[英]rvest scraping html content values
I'm trying to scrape the following page: link in order to create a data frame with 6 columns: position, company and meta (1-5).我正在尝试抓取以下页面: 链接以创建一个具有 6 列的数据框:位置、公司和元数据 (1-5)。 Unfortunately I don't know how to catch the values in
content
for example <meta itemprop="jobLocation" content="Tauragė" />
so the value Tauragė would be used in creating my dataframe (in this example).不幸的是,我不知道如何捕获
content
的值,例如<meta itemprop="jobLocation" content="Tauragė" />
所以值 Tauragė 将用于创建我的数据框(在本例中)。
My initial code:我的初始代码:
if(!require("tidyverse")) install.packages("tidyverse"); library("tidyverse")
if(!require("rvest")) install.packages("rvest"); library("rvest")
# setting url and reading html code
url <- "https://www.cv.lt/employee/announcementsAll.do?regular=true&salaryInterval=-1&interval=2&ipp=1000"
html <- read_html(url, encoding = "utf-8")

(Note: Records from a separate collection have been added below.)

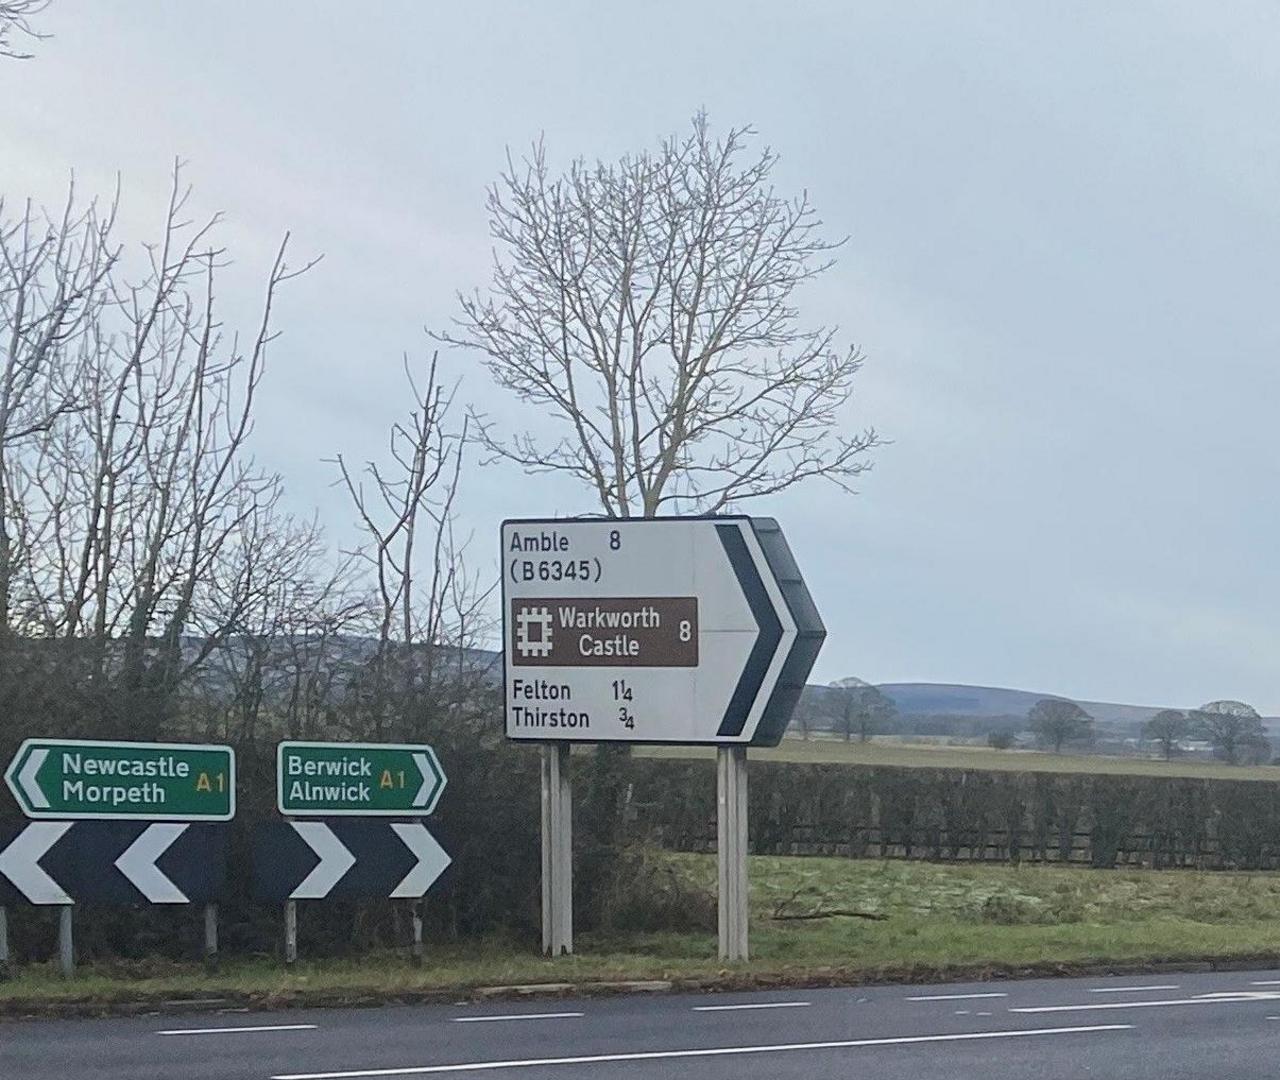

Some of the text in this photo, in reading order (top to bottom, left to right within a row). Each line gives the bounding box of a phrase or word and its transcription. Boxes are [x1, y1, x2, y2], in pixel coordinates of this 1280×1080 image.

[510, 530, 621, 552] Amble 8
[558, 606, 660, 628] Warkworth
[679, 620, 691, 641] 8
[579, 633, 640, 656] Castle
[513, 679, 571, 700] Felton
[512, 706, 590, 728] Thirston
[62, 752, 190, 778] Newcastle
[288, 755, 372, 777] Berwick
[62, 780, 166, 806] Morpeth
[289, 780, 371, 801] Alnwick
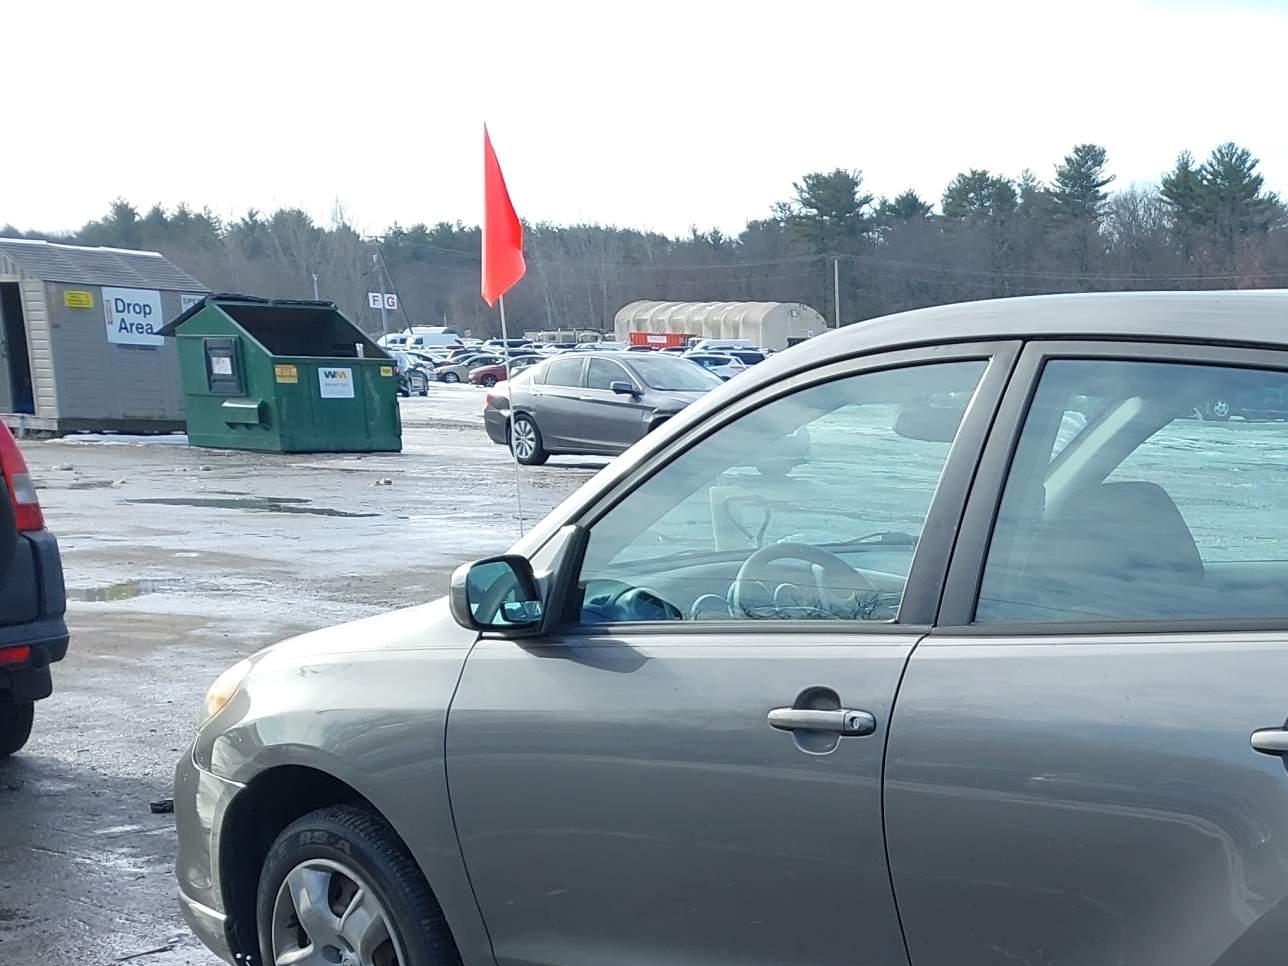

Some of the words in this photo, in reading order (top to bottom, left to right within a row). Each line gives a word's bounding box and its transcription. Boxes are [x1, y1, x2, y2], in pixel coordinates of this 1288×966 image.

[372, 295, 379, 306] F
[386, 296, 395, 307] G
[114, 297, 152, 318] Drop
[118, 318, 153, 334] Area
[324, 370, 347, 379] WM
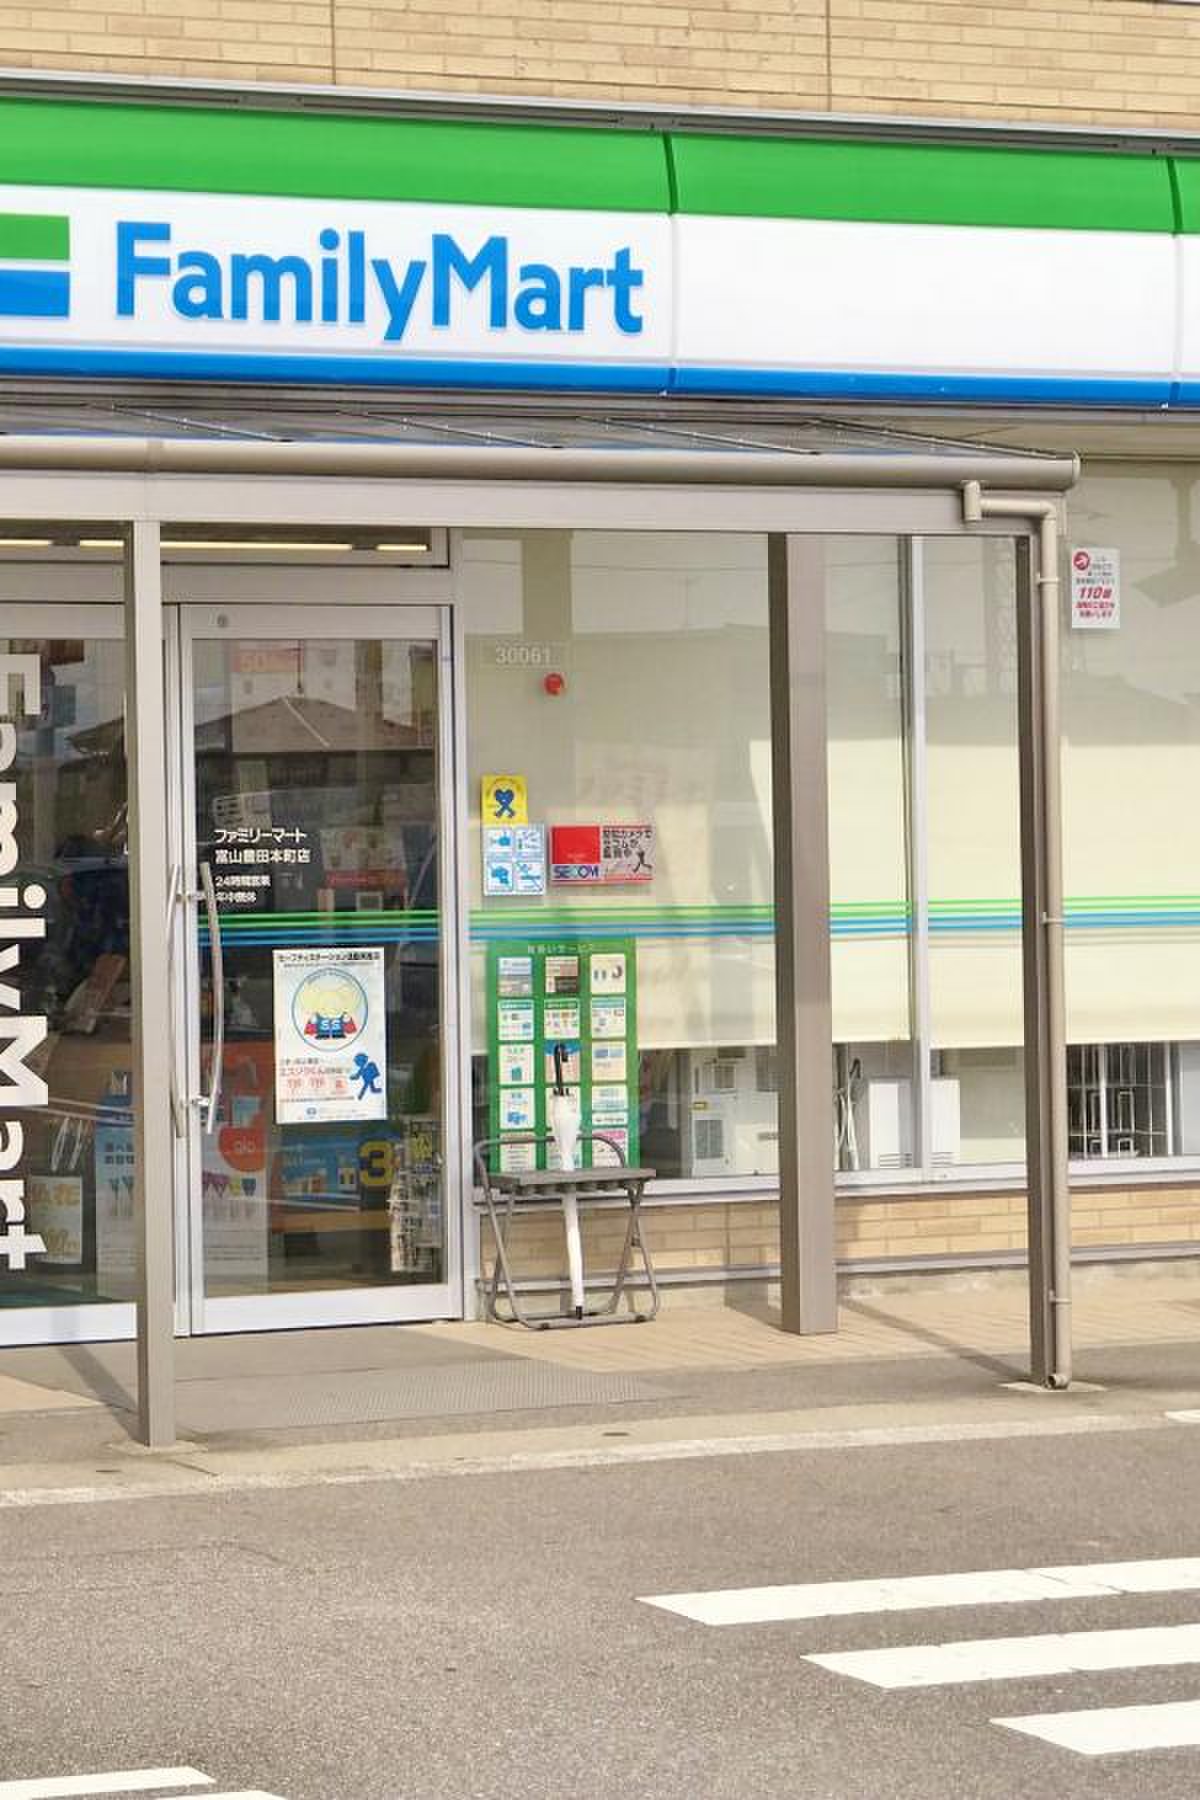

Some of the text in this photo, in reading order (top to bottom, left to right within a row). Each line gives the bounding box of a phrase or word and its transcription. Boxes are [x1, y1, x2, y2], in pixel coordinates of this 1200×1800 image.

[115, 220, 644, 341] FamilyMart
[495, 646, 551, 665] 30061
[213, 827, 308, 844] ファミリーマート
[553, 864, 599, 879] SECOM

# creating a dataframe of ads
ads <- html %>%{
data.frame(
position=html_nodes(html, "tbody p a:nth-child(1)") %>% html_text(),
company=html_nodes(html, "tbody p a:nth-child(2)")%>% html_text(),
meta1=...
meta2=...
meta3=...
meta4=...
meta5=...
)}
an example of html code: html代码示例:
<td>
<p itemscope itemtype="http://schema.org/JobPosting">
<a href="/valstybes-tarnyba/vsi-taurages-rajono-pirmines-sveikatos-prieziuros-centro-direktorius-taurageje-2-338912727/?sri=83" target="_blank" itemprop="title" onclick="$(this).parents('tr.data').addClass('read');">VšĮ Tauragės rajono pirminės sveikatos priežiūros centro direktorius</a>
<a href="/viesoji-istaiga-taurages-rajono-pirmines-sveikatos-prieziuros-centras-darbo-skelbimai" target="_blank" itemprop="hiringOrganization" itemscope itemtype="http://schema.org/Organization"><span itemprop="name">Viešoji įstaiga Tauragės rajono pirminės sveikatos priežiūros centras</span></a>
<meta itemprop="jobLocation" content="Tauragė" />
<meta itemprop="datePosted" content="2019-08-22" />
<meta itemprop="employmentType" content="FULL_TIME" />
<meta itemprop="validThrough" content="2019-09-06T00:00:00.000" />
<meta itemprop="url" content="https://www.cv.lt/valstybes-tarnyba/vsi-taurages-rajono-pirmines-sveikatos-prieziuros-centro-direktorius-taurageje-2-338912727" />
</p>
</td>
<td>
You can run this,你可以运行这个,
my_content <- html %>% html_nodes("tbody p meta") %>% html_attr("content")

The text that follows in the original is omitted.